Publicacao/Comunicacao
Intimação
Apelação/Remessa Necessária Nº 5041002-21.2022.4.02.5101/RJ
RELATOR: Desembargador Federal POUL ERIK DYRLUND
APELADO: DALERIA DE ALMEIDA BASTOS (AUTOR)
ADVOGADO(A): CARLOS ALBERTO NUNES DA MOTTA (OAB RJ130621)
EMENTA
ADMINISTRATIVO. PENSÃO POR MORTE DO COMPANHEIRO. REQUISITOS DO ARTIGO 217, INCISO I, “C”, DA LEI N.º 8.112/90. éPOCA DO ÓBITO DO SERVIDOR. COMPETÊNCIA DA JUSTIÇA FEDERAL. ACERVO PROBATÓRIO INSUFICIENTE.

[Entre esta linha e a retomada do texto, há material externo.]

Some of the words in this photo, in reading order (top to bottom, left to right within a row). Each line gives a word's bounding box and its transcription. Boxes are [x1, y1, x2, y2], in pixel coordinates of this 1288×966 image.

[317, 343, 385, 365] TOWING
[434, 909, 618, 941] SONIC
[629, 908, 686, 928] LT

1- Tratam-se de remessa necessária, e apelação interposta pela UNIÃO em face de DALERIA DE ALMEIDA BASTOS, tendo como objeto a sentença (Evento 116), onde a autora objetiva seja a ré condenada a conceder-lhe pensão por morte de PAULO CESAR DOS SANTOS LUCAS, devida desde a data do óbito, com pagamento dos atrasados com juros e correção monetária.

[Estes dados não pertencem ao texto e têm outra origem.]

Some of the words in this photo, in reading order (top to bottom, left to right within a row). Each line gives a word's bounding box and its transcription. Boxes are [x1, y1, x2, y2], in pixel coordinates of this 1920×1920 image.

2- O direito à pensão é regido pelas normais legais vigentes à data do óbito do servidor, pelo princípio do tempus regit actum. Sendo que o instituidor da pensão pleiteada faleceu em 27/11/2010, estando, portanto, a pensão regulamentada pelo disposto no Artigo 217, Inciso I, alínea "c" da Lei nº 8.112/90, na sua redação original.
3- Quanto ao reconhecimento da união estável pela Justiça Estadual, consoante teor do Acórdão juntado no Evento 1 - OUT14, filio-me ao entendimento de que o mesmo tem caráter de prova emprestada, não vinculando a Administração Pública Federal, que não é alcançada pela coisa julgada. Em se tratando de pedido de pensão de servidor público federal, compete à Justiça Federal reconhecer ou não a união estável e a necessária dependência econômica para a sua concessão, com a participação da União, observados os princípios do contraditório e da ampla defesa, o que, in casu, não ocorreu. Precedentes dessa Egrégia Corte Regional. Precedentes.

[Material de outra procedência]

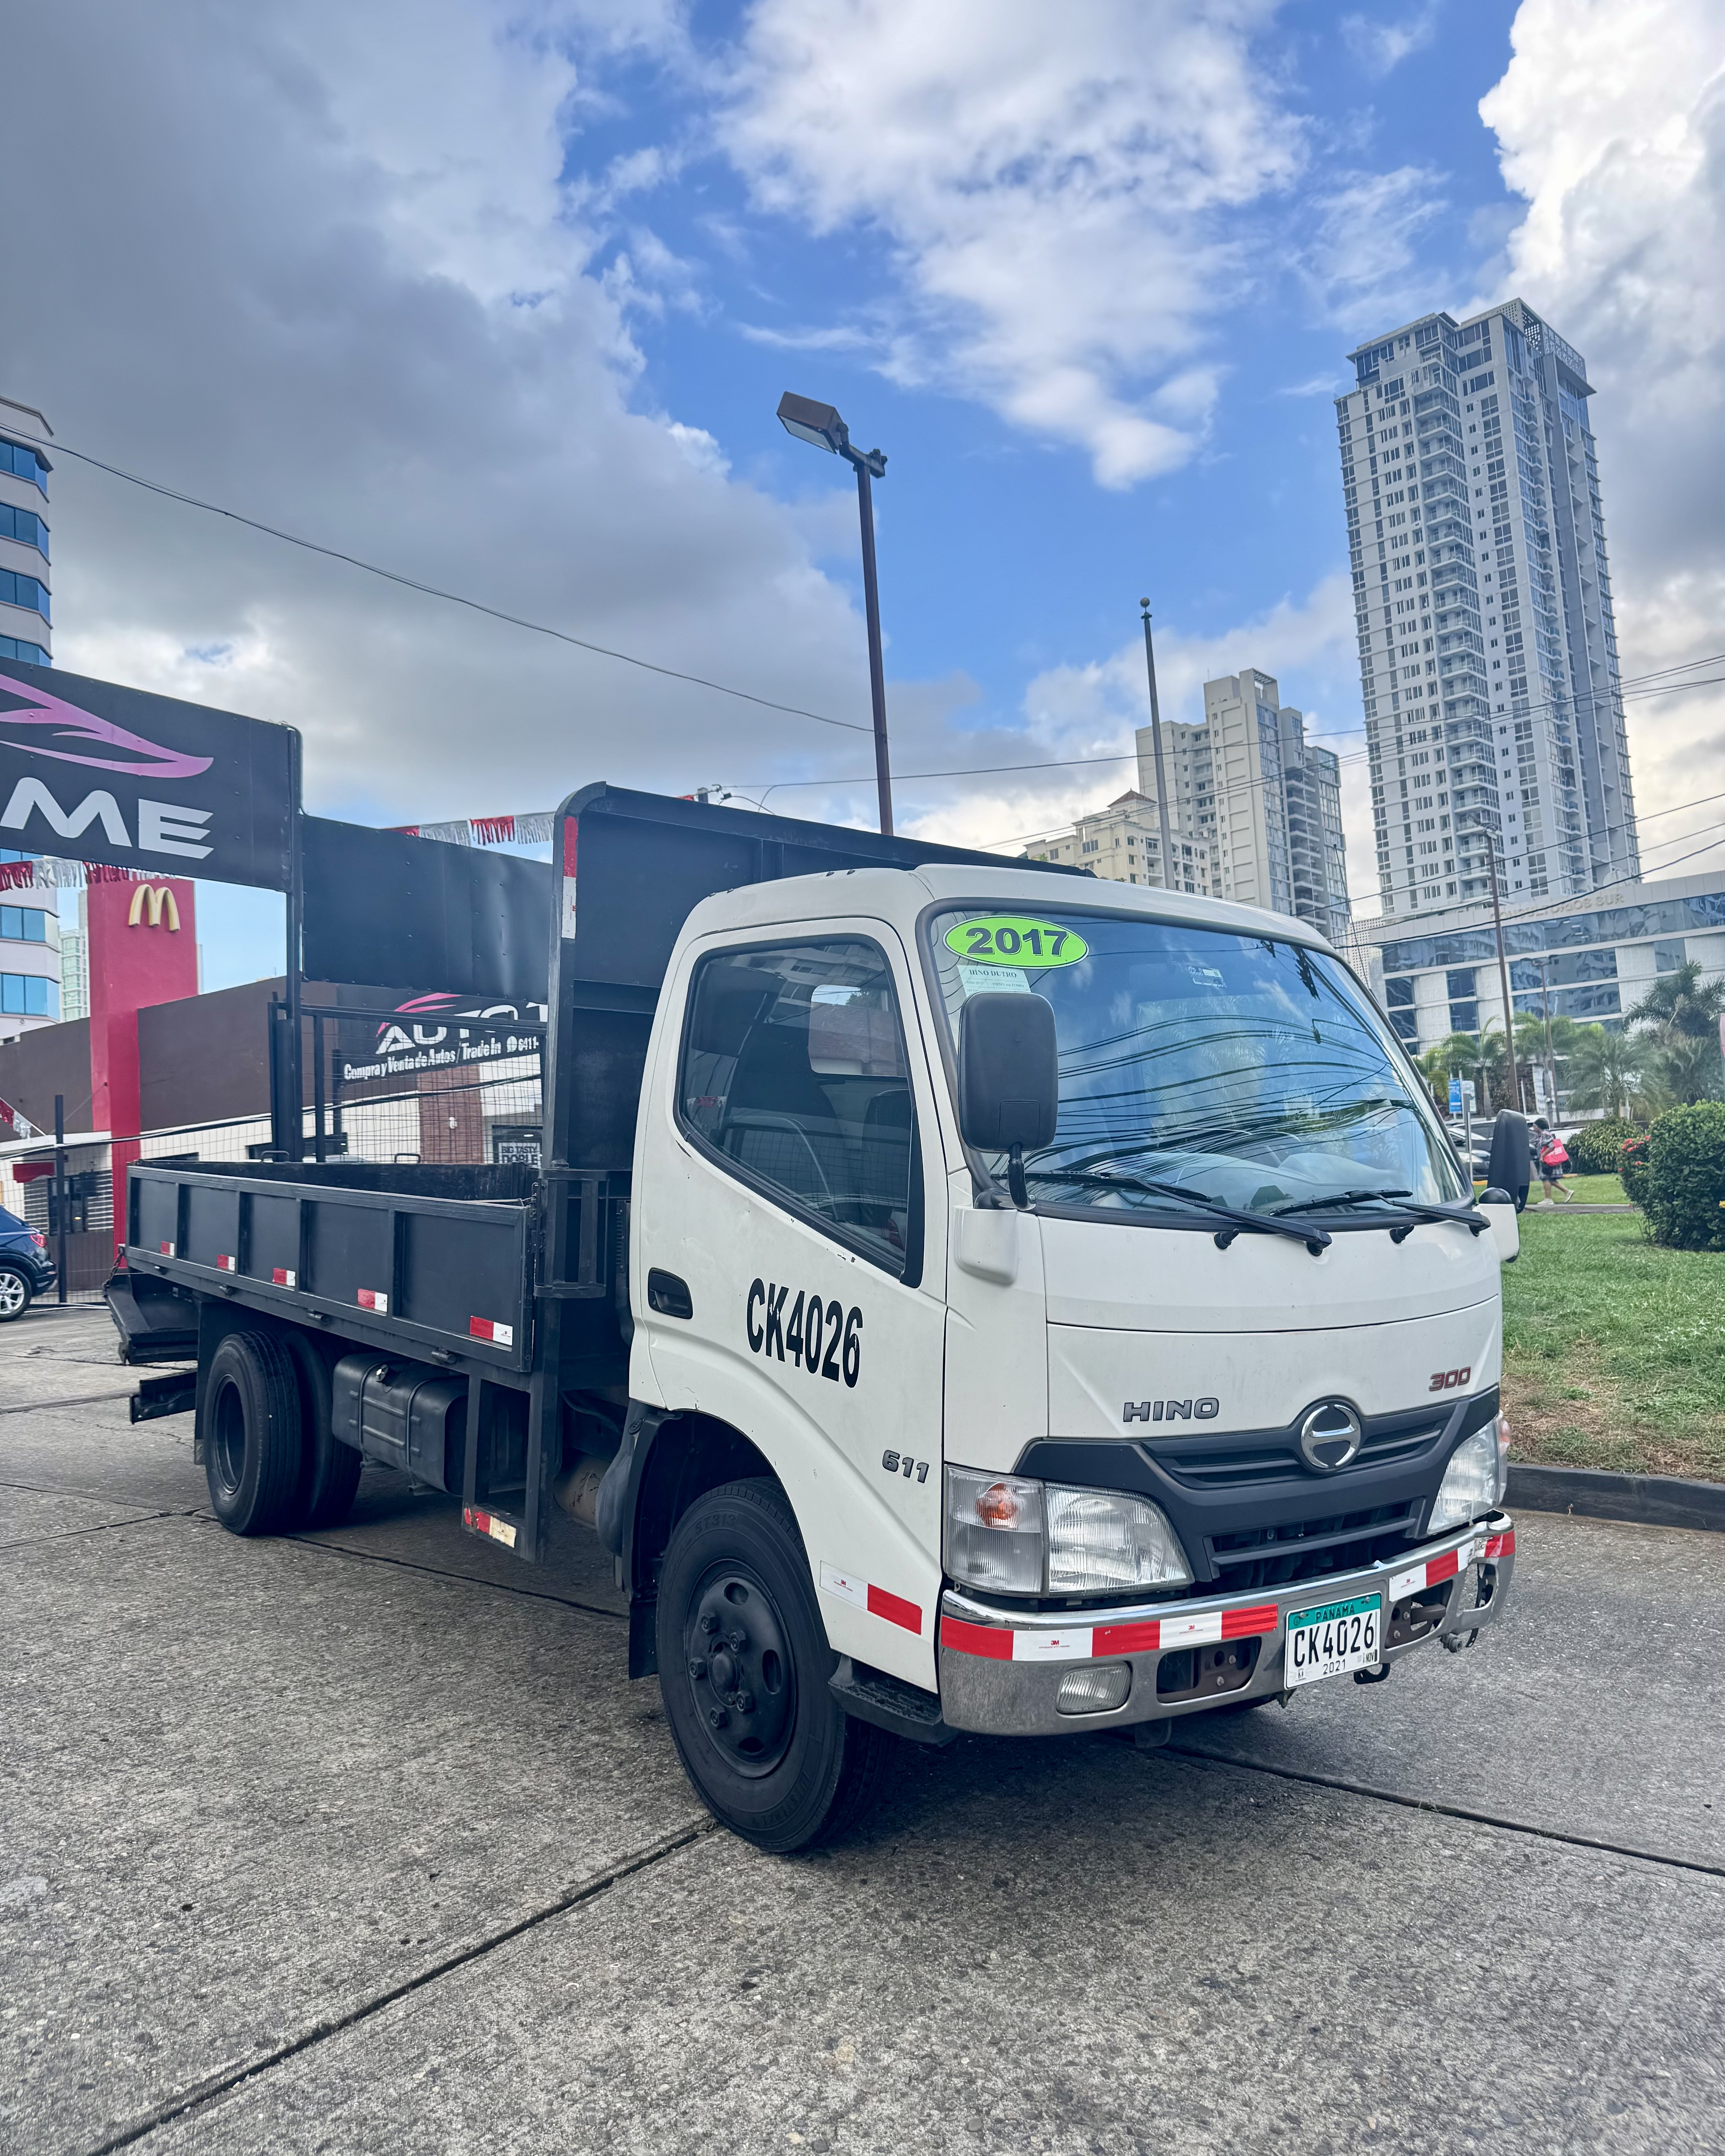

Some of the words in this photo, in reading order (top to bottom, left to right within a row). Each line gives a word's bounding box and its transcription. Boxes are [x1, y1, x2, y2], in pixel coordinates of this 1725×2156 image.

4- Verifica-se que, após realizada detalhada análise, não restou comprovado o preenchimento dos supra citados requisitos. A uma, porque a autora é casada com José Carlos Leite Bastos, de quem alega estar separada de fato há vários anos (Evento 14 - OFIC3 - fls. 33/34 e 37). A duas, porque não restou comprovada a designação da autora pelo de cujus, conforme a redação original da letra "c", do inciso I, do artigo 217 da Lei nº 8.112/90. A três, porque a vasta documentação juntada pela União, em especial, a existência de endereços distintos e o cadastro da Autora no CNIS, a indicar o recebimento de salário, a afastar a sua dependência econômica (Eventos 14 e 22) não restaram apreciadas pelo Juízo a quo.
5- É assente o entendimento jurisprudencial no sentido de que não basta prova exclusivamente testemunhal a fim de comprovar a união estável, para fins de pensionamento, sendo imprescindível a existência de razoável início de prova material, mostrando-se relevante a juntada de robusta comprovação acerca da convivência more uxoria, entretanto, não atendida a contento na situação dos autos. Precedente desta Egrégia Turma Especializada
6- Remessa necessária e apelação providas.
ACÓRDÃO
Vistos e relatados estes autos em que são partes as acima indicadas, a Egrégia 6ª Turma Especializada do Tribunal Regional Federal da 2ª Região decidiu, por unanimidade, dar provimento à remessa necessária e à apelação, nos termos do relatório, votos e notas de julgamento que ficam fazendo parte integrante do presente julgado.
Rio de Janeiro, 09 de outubro de 2025.